[Data in this exercise Boundary: Start]

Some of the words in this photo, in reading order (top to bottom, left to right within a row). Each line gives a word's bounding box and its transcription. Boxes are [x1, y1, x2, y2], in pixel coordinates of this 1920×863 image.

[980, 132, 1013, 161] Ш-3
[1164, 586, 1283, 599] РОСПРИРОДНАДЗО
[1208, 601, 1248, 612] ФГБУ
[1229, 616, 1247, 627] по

[Data in this exercise Boundary: End]

Problem statement: Take the entries above and set them all down again exactly as they read.

The completed task:
Some of the words in this photo, in reading order (top to bottom, left to right within a row). Each line gives a word's bounding box and its transcription. Boxes are [x1, y1, x2, y2], in pixel coordinates of this 1920×863 image.

[980, 132, 1013, 161] Ш-3
[1164, 586, 1283, 599] РОСПРИРОДНАДЗО
[1208, 601, 1248, 612] ФГБУ
[1229, 616, 1247, 627] по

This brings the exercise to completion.